* [PROBLEM TO WORK ON]: Your whole reply should be the lines from the one that contains "this 1280×1705 image." through the last line of the listing, copied exactly.

* [RECORD SET]:
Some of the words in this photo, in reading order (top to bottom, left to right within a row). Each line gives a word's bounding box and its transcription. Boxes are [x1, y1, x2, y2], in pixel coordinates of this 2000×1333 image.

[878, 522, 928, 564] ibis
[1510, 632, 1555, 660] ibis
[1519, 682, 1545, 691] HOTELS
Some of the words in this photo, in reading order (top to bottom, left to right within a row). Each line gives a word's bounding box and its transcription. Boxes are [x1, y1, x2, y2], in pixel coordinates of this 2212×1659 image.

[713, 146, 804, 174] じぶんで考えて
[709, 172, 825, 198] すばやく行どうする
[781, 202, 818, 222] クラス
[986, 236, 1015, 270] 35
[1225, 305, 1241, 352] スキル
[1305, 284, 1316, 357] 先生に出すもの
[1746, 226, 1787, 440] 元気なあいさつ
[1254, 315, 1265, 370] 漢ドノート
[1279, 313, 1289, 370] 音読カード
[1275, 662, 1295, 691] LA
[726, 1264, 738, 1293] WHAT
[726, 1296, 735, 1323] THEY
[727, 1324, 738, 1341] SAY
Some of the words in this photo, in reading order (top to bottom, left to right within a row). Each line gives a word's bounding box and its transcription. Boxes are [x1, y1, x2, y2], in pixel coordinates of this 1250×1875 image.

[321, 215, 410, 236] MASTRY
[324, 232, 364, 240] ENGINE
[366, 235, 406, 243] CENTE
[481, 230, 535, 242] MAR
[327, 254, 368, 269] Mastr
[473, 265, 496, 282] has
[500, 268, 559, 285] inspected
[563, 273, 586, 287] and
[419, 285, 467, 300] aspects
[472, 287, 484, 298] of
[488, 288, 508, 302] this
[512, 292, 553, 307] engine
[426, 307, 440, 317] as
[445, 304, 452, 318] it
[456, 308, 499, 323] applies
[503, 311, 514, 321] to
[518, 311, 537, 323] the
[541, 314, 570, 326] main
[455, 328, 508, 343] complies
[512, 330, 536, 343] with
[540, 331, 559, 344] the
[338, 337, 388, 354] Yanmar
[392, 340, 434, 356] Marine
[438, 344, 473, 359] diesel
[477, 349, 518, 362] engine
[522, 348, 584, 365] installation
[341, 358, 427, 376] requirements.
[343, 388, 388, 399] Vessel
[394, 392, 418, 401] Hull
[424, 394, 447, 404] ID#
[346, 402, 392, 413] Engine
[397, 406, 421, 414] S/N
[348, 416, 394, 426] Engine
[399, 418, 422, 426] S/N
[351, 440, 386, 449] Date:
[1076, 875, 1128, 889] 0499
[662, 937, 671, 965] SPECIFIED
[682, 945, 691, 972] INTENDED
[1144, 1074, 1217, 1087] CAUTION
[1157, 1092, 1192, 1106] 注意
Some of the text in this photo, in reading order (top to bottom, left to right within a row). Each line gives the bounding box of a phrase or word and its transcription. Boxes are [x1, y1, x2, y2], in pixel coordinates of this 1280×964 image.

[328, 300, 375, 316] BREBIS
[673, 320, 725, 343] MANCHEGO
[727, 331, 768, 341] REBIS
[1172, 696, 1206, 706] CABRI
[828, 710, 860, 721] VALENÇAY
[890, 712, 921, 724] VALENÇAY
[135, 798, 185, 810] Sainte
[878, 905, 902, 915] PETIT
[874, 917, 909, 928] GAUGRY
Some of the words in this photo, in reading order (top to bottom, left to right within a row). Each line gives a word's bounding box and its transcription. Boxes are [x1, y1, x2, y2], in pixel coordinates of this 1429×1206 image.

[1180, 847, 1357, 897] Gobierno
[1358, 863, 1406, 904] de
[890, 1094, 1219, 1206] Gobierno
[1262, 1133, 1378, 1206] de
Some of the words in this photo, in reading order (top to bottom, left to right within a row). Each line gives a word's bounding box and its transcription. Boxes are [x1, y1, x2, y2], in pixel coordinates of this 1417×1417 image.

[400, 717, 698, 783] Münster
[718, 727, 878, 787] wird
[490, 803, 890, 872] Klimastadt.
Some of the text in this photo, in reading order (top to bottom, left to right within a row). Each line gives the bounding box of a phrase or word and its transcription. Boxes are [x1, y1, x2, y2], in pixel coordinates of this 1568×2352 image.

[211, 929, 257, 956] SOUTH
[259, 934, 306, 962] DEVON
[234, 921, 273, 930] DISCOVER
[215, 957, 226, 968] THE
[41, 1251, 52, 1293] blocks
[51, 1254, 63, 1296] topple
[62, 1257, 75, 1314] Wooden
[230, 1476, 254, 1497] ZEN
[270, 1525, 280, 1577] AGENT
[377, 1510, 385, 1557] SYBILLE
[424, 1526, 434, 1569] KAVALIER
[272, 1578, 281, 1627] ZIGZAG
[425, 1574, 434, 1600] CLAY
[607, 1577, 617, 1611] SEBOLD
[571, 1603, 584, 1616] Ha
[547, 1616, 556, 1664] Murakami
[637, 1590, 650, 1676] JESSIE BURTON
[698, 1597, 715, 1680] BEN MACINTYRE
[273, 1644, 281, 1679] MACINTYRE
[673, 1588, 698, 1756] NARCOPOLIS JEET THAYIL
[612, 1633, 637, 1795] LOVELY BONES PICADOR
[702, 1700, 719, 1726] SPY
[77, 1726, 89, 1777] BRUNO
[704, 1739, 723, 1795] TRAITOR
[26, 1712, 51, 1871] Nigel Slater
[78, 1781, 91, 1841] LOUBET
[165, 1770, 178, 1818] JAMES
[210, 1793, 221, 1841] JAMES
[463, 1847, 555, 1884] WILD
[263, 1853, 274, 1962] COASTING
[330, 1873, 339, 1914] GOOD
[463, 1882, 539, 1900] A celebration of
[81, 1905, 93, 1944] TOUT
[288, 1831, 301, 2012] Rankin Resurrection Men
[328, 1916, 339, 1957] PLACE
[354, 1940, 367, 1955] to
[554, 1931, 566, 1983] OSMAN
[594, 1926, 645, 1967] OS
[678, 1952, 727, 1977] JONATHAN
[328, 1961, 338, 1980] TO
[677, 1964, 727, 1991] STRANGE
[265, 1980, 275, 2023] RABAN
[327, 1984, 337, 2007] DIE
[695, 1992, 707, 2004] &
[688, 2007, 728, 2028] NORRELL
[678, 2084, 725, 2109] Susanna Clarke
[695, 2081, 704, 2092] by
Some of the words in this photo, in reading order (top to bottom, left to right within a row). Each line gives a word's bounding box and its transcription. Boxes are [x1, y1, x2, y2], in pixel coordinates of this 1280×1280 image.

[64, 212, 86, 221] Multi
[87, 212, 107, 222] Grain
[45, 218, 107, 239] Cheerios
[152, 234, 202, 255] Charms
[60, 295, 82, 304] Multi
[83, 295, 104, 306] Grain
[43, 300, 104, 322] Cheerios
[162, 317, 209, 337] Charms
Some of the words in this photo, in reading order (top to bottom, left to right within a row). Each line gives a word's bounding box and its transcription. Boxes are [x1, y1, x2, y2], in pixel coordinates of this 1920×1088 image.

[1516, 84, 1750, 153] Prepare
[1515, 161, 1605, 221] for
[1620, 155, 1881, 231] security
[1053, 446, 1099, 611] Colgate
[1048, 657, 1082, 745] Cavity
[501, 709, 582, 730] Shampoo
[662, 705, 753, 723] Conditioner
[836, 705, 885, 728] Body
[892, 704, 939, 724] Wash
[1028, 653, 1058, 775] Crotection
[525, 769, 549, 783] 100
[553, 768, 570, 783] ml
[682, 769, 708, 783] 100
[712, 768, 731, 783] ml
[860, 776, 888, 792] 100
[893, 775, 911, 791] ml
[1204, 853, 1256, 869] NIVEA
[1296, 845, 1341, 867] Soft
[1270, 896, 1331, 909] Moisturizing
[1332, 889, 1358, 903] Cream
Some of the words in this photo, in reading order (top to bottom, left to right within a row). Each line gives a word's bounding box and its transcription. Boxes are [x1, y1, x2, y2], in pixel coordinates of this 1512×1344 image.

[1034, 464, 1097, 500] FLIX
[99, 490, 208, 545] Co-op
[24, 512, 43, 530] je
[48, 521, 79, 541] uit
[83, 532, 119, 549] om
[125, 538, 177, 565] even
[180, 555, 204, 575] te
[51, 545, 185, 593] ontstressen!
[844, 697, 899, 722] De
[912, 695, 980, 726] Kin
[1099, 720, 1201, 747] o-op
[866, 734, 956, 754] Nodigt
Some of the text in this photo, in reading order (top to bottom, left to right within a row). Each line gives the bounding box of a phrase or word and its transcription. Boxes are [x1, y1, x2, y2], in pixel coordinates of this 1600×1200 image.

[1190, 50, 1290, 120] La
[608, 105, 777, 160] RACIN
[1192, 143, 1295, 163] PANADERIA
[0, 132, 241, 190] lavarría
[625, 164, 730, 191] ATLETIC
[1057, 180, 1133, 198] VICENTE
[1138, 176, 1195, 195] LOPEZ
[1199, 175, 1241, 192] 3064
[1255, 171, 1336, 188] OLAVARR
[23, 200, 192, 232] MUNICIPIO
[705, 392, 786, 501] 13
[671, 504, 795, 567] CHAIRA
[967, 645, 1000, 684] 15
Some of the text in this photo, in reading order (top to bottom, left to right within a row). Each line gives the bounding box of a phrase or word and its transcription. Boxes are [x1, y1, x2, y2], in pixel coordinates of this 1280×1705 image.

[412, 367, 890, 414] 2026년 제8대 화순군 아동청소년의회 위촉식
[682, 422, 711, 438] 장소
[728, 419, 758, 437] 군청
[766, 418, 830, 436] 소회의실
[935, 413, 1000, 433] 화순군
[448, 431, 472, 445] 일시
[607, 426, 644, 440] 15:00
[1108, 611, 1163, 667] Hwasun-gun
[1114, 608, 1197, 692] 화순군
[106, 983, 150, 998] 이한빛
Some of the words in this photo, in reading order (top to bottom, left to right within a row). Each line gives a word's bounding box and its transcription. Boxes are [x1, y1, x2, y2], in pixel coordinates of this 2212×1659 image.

* [ANSWER TO THE PROBLEM]:
Some of the text in this photo, in reading order (top to bottom, left to right within a row). Each line gives the bounding box of a phrase or word and its transcription. Boxes are [x1, y1, x2, y2], in pixel coordinates of this 1280×1705 image.

[412, 367, 890, 414] 2026년 제8대 화순군 아동청소년의회 위촉식
[682, 422, 711, 438] 장소
[728, 419, 758, 437] 군청
[766, 418, 830, 436] 소회의실
[935, 413, 1000, 433] 화순군
[448, 431, 472, 445] 일시
[607, 426, 644, 440] 15:00
[1108, 611, 1163, 667] Hwasun-gun
[1114, 608, 1197, 692] 화순군
[106, 983, 150, 998] 이한빛
Some of the words in this photo, in reading order (top to bottom, left to right within a row). Each line gives a word's bounding box and its transcription. Boxes are [x1, y1, x2, y2], in pixel coordinates of this 2212×1659 image.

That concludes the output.